Today my practice is widely different from my earlier days of teaching. Certainly not as challenging and exhilarating when my focus then was on building up my repertoire, learning and mastering new poses. Today and 23 years later, 63 and a THA I enjoy a practice that is inward, restorative and quiet. I feed my mind and body with what they ask for. Earlier on when I was discovering, learning and mastering, a practice session was intensive and repetitive focusing on a few poses, today the aim is to maintain, restore and soothe - I do more poses with long holds.
I am disciplined, but certainly not regimented about my own practice, never been. I have a regular practice, but not at specific times and not daily. I bring myself to the mat when it feels right, with purpose and freedom, it is never a burden or an obligation.
I make sure that I have at least 2 hours of free time and that I will not be disturbed. One pose takes me most naturally to the next and time disappears!
Self-practice is a great compliment to studio classes for experienced students. A practice by yourself at home allows you to:
apply what has been learnt in class
move at your own pace and have more time to explore, evolve and deepen your practice, as well as more time to observe how different poses affect your breath and state of being
learn to listen and respond to your body’s needs
get in touch with the teacher within
Also useful when you cannot make it to your class or your busy schedule does not let you fit a regular studio practice.
Before you roll your mat out and step on it, have a purpose. What is your intention for this practice? Maybe you want to stretch your back, open your shoulders or your hips. Maybe you want to explore a particular category of poses, like backbends, twists or inversions. Or you just want to focus on couple of poses. What type of practice do you feel like on the day? A dynamic or a more restorative one? You may start with Sun Salutes or reclined on a bolster.
You don’t need to cook up a long intricate practice or try to replicate a studio class. Listen to your body and do a practice that serves you right.
Here’s a typical mid week, long self-practice - 90 minutes spent in poses. Each pose held between 1 to 10 minutes.

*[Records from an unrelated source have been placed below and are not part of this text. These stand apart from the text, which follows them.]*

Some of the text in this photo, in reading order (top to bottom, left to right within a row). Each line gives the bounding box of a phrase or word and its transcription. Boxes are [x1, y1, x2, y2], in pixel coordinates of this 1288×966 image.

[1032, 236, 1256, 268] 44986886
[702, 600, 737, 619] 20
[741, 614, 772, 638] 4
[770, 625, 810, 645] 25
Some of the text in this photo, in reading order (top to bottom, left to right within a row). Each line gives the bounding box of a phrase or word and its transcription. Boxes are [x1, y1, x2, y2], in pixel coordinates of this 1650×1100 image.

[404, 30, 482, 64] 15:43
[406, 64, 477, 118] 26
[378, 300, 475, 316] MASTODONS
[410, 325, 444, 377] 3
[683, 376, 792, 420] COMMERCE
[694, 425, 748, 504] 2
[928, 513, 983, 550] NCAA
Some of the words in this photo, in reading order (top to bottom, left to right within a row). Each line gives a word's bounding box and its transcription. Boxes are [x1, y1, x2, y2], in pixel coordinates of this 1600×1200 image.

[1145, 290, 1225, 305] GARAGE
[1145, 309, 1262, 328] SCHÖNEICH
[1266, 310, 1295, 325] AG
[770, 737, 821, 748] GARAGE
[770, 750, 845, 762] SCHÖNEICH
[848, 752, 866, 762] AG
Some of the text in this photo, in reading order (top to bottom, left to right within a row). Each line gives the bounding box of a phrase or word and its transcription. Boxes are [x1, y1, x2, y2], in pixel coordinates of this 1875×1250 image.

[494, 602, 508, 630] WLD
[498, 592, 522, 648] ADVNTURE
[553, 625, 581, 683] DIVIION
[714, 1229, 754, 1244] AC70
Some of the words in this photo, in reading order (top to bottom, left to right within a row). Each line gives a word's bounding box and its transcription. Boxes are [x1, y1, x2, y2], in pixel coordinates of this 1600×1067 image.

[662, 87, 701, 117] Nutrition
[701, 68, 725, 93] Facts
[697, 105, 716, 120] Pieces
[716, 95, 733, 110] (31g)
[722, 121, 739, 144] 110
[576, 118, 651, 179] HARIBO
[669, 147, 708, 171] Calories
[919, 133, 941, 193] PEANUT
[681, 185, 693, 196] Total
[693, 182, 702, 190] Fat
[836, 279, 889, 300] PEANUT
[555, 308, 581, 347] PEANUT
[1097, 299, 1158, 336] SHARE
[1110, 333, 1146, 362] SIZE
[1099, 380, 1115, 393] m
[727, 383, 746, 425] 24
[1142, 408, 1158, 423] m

Note: to reduce the amount of photos, release poses and second side of the pose are not shown.
I usually start my practice with back stretches on my back bench. It opens up by back and front body as well as my shoulders. I can take the time to release my whole back and if, when in Supported Knee Bent Inverted Staff (pic 5) I then move into straight leg Inverted Staff (Viparita Dandasana), my hip flexors will get a lovely stretch!
It often feels right to incorporate into my practice some hip stretches and the Hand to Big Toe - foot to wall variation (Supta Padangusthasana 2) allows me to stay there for a while.
If I feel energetic and to keep my upper body strong I'll do some Handstands (Adho Mukha Vrksasana)
Well, it seems that on the day my body asked for some more backbends. I find that chair backbend prepares me well for Forearm Balance (Pincha Mayurasana) so it naturally came next.
This is my 10 minutes sequence for Headstand (Sirsasana), however if I do not feel up to it I will not practise the variations, I'll just do 5 minutes straight. A soft release in Supported Head To Knee Pose (Janu Sirsanasa) felt right on the day.
Like all other inversions the Shoulderstand (Salamba Sarvangasana) has many variations. Again if I do not practise some variations, I will hold the pose 5 minutes straight then move into Plough (Halasana).
Supported Restorative Bridge (Restorative Setu Bandha Sarvangasana) and Legs-up-the-wall (Viparita Karani). Today was a real treat at the end of my practice, but sometimes after a day on the land, pulling, shovelling, bending, cutting... that's all I do as a practice and I just stay 5 minutes in each pose then Savasana!
Aaaaaahhh Savasan - deep release, I always do it!
The belt around my thighs keeps my legs together, in place and quiet - just a great feeling for me.